Task to complete
Each record below is to be output unchanged, and any picture is to be dropped.

------------------------------------------------

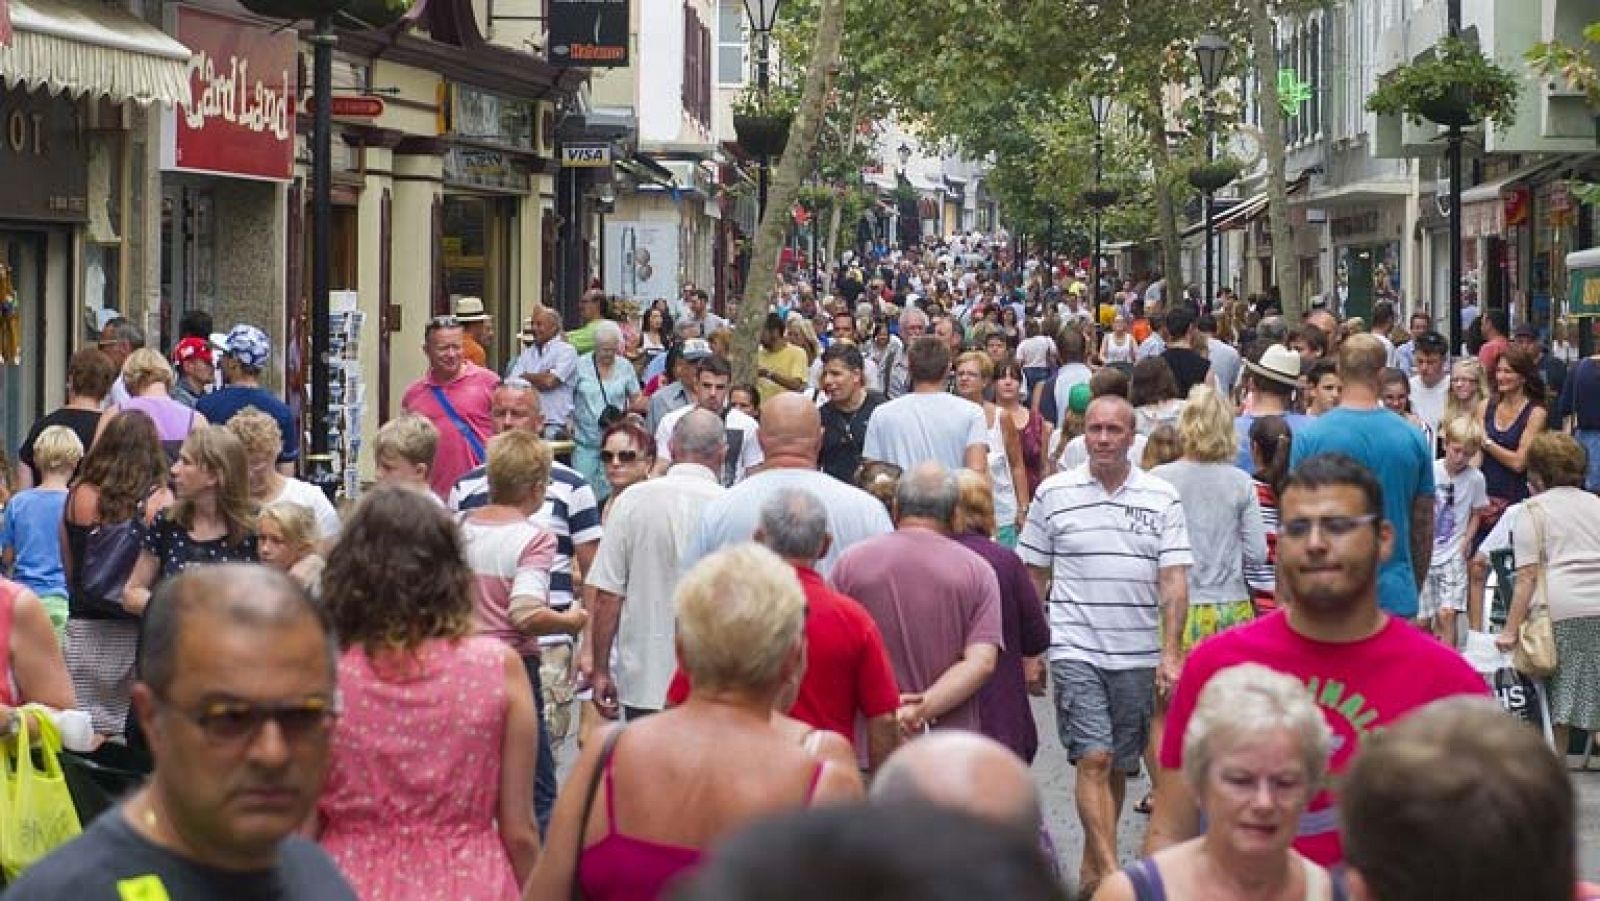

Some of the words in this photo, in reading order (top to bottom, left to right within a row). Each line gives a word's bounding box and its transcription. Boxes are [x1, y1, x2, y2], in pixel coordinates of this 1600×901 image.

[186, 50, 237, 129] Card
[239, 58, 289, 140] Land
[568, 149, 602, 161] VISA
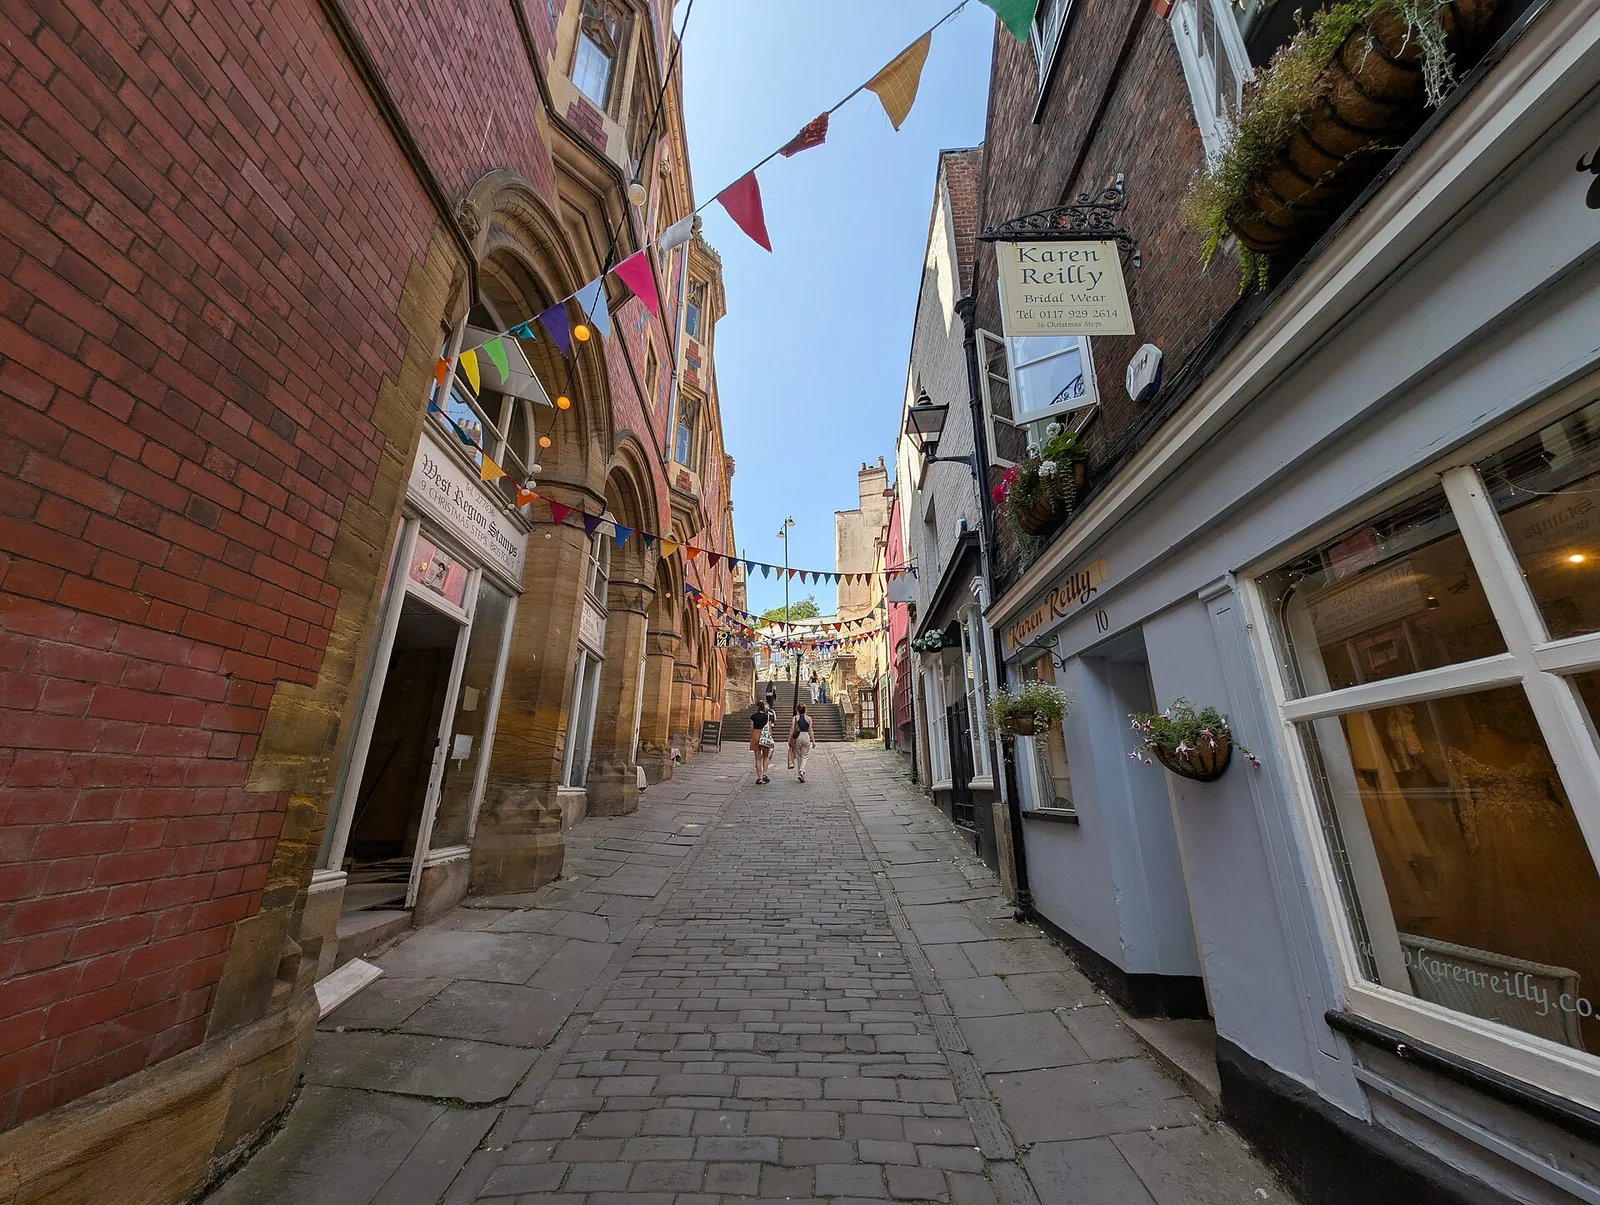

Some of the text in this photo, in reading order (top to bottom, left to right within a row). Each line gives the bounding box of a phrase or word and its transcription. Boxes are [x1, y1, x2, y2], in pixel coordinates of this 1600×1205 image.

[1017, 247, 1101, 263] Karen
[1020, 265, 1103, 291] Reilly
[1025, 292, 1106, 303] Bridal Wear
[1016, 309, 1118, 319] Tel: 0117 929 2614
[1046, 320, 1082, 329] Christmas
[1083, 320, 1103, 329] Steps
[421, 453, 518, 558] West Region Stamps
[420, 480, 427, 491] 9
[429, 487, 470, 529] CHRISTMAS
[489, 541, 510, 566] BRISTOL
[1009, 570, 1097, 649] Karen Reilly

------------------------------------------------

Solution below
Some of the words in this photo, in reading order (top to bottom, left to right within a row). Each line gives a word's bounding box and its transcription. Boxes are [x1, y1, x2, y2], in pixel coordinates of this 1600×901 image.

[186, 50, 237, 129] Card
[239, 58, 289, 140] Land
[568, 149, 602, 161] VISA

Some of the text in this photo, in reading order (top to bottom, left to right within a row). Each line gives the bounding box of a phrase or word and its transcription. Boxes are [x1, y1, x2, y2], in pixel coordinates of this 1600×1205 image.

[1017, 247, 1101, 263] Karen
[1020, 265, 1103, 291] Reilly
[1025, 292, 1106, 303] Bridal Wear
[1016, 309, 1118, 319] Tel: 0117 929 2614
[1046, 320, 1082, 329] Christmas
[1083, 320, 1103, 329] Steps
[421, 453, 518, 558] West Region Stamps
[420, 480, 427, 491] 9
[429, 487, 470, 529] CHRISTMAS
[489, 541, 510, 566] BRISTOL
[1009, 570, 1097, 649] Karen Reilly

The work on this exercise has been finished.